» What to do: Of the records below, reproduce only the span that opens with the line containing "this 1344×1512 image." and closes with the last line.

Stored data entries
+ + + + +
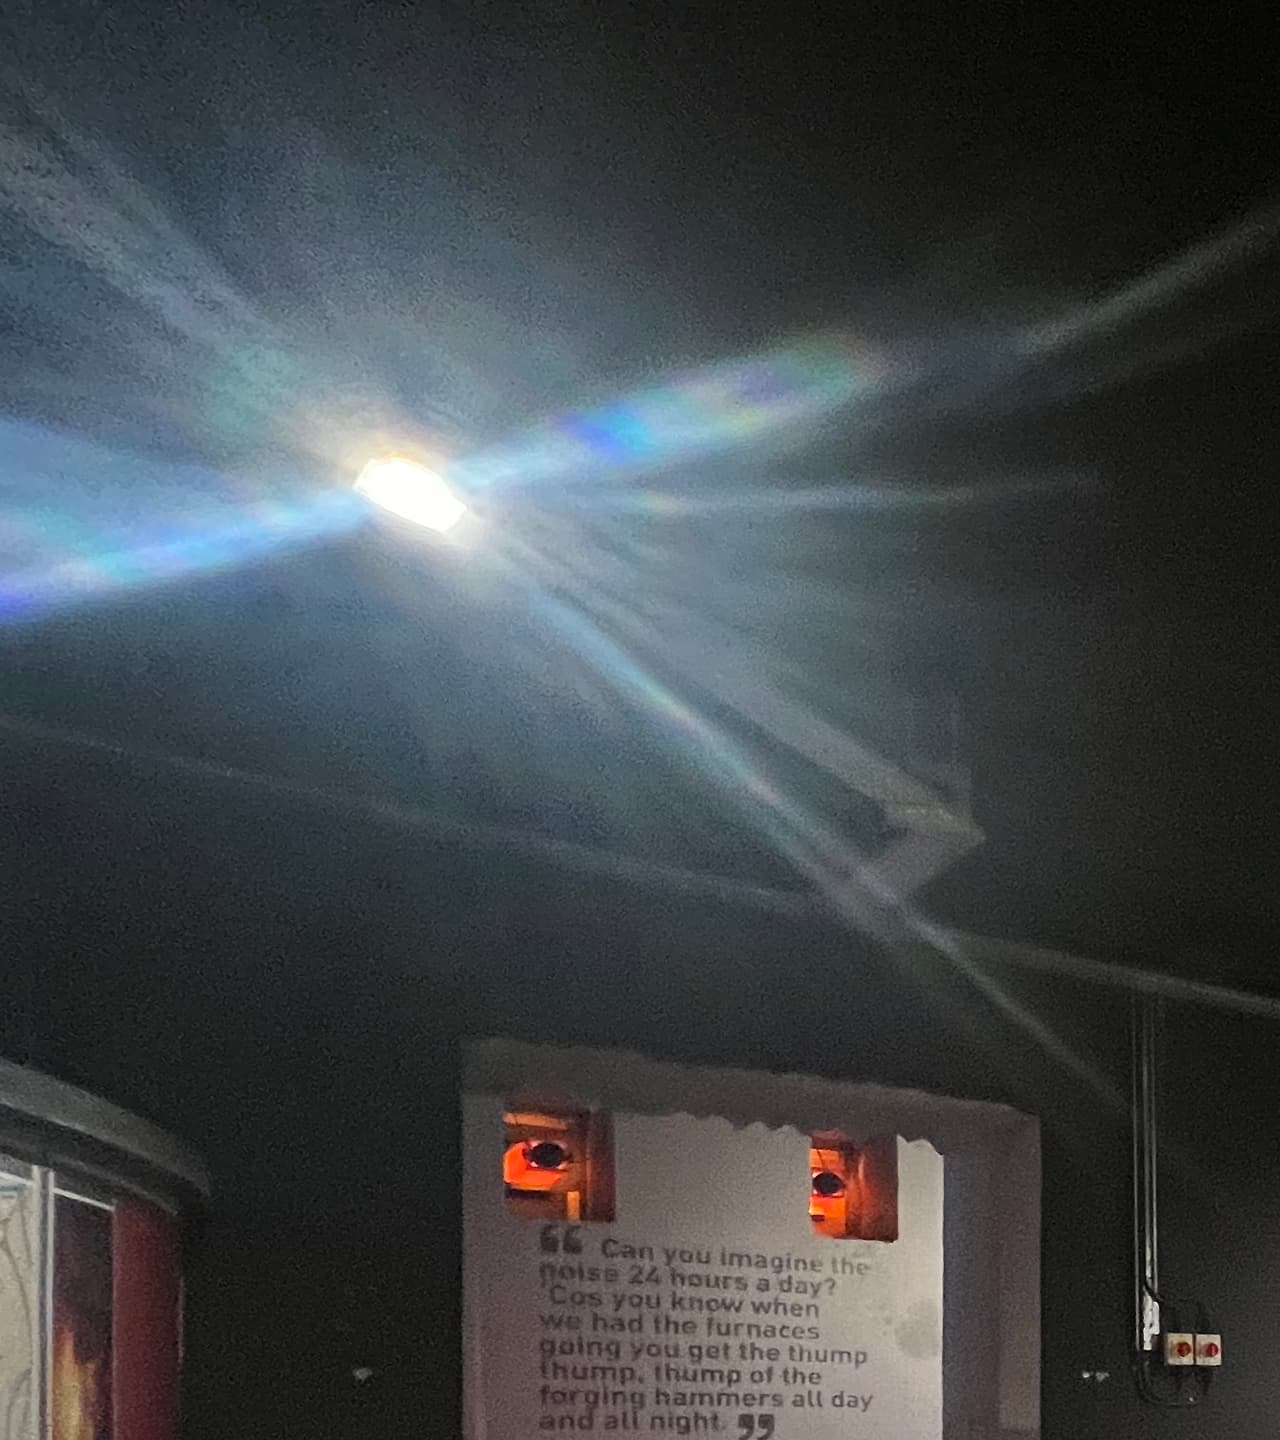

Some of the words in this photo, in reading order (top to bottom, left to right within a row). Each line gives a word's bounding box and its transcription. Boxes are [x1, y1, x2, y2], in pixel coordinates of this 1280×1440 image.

[601, 1238, 654, 1261] Can
[663, 1247, 710, 1266] you
[720, 1247, 824, 1273] imagine
[831, 1257, 870, 1275] the
[539, 1262, 619, 1282] noise
[629, 1265, 660, 1284] 24
[670, 1266, 748, 1290] hours
[756, 1277, 770, 1292] a
[779, 1275, 836, 1298] day?
[613, 1293, 660, 1311] you
[671, 1291, 743, 1312] know
[751, 1298, 819, 1317] when
[539, 1313, 581, 1330] we
[593, 1312, 643, 1332] had
[654, 1314, 697, 1334] the
[706, 1317, 820, 1339] furnaces
[539, 1335, 620, 1361] going
[631, 1343, 679, 1361] you
[688, 1342, 730, 1362] get
[739, 1342, 780, 1361] the
[789, 1344, 868, 1368] thump
[655, 1363, 741, 1387] thump
[751, 1366, 774, 1383] of
[783, 1366, 821, 1385] the
[539, 1385, 644, 1409] forging
[655, 1388, 783, 1407] hammers
[791, 1391, 823, 1407] all
[832, 1391, 873, 1412] day
[539, 1411, 594, 1430] and
[605, 1411, 639, 1430] all
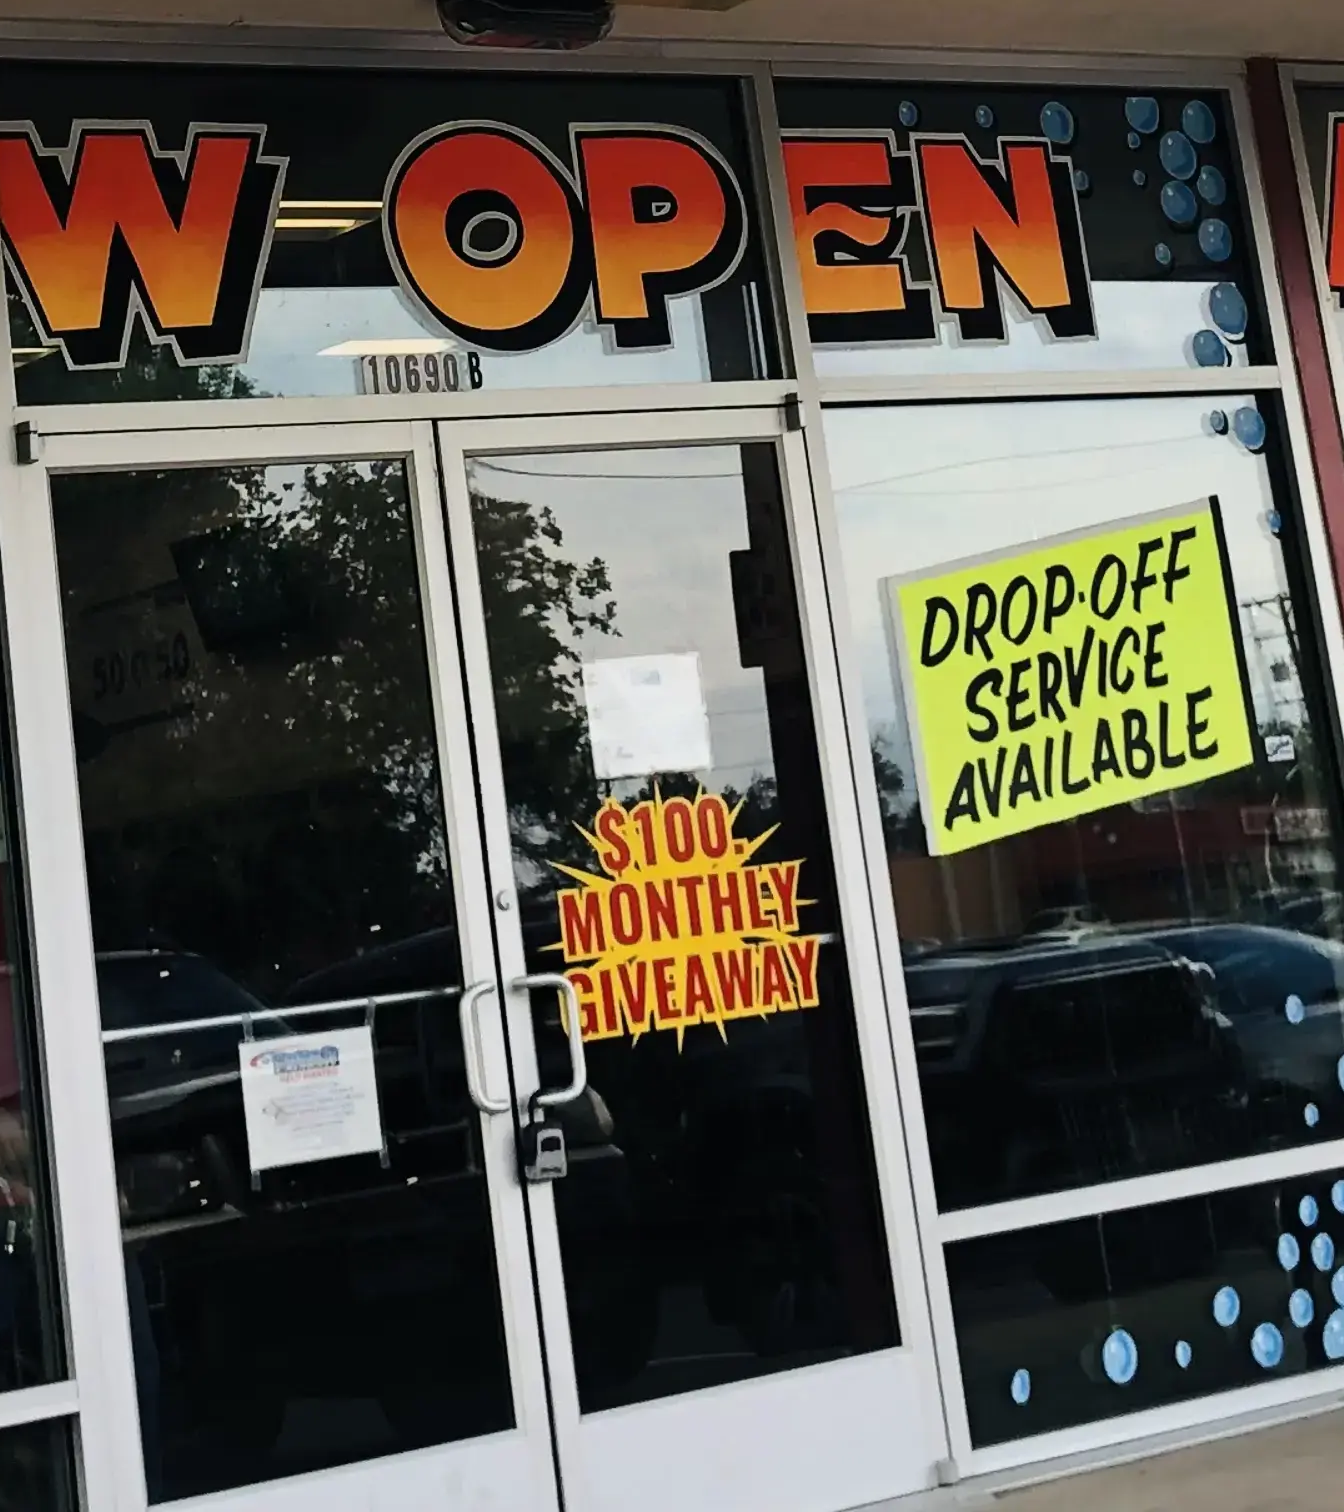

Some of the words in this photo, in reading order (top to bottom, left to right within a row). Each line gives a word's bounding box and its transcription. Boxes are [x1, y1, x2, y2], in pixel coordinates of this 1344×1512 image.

[382, 118, 1099, 352] OPEN
[368, 353, 459, 395] 10690
[467, 351, 484, 390] B
[964, 622, 1169, 743] SERVICE
[944, 686, 1219, 832] AVAILABLE
[561, 864, 797, 956] MONTHLY
[567, 939, 817, 1036] GIVEAWAY
+ + + + +
» Task answer:
Some of the words in this photo, in reading order (top to bottom, left to right within a row). Each line gives a word's bounding box and its transcription. Boxes are [x1, y1, x2, y2], in pixel coordinates of this 1344×1512 image.

[382, 118, 1099, 352] OPEN
[368, 353, 459, 395] 10690
[467, 351, 484, 390] B
[964, 622, 1169, 743] SERVICE
[944, 686, 1219, 832] AVAILABLE
[561, 864, 797, 956] MONTHLY
[567, 939, 817, 1036] GIVEAWAY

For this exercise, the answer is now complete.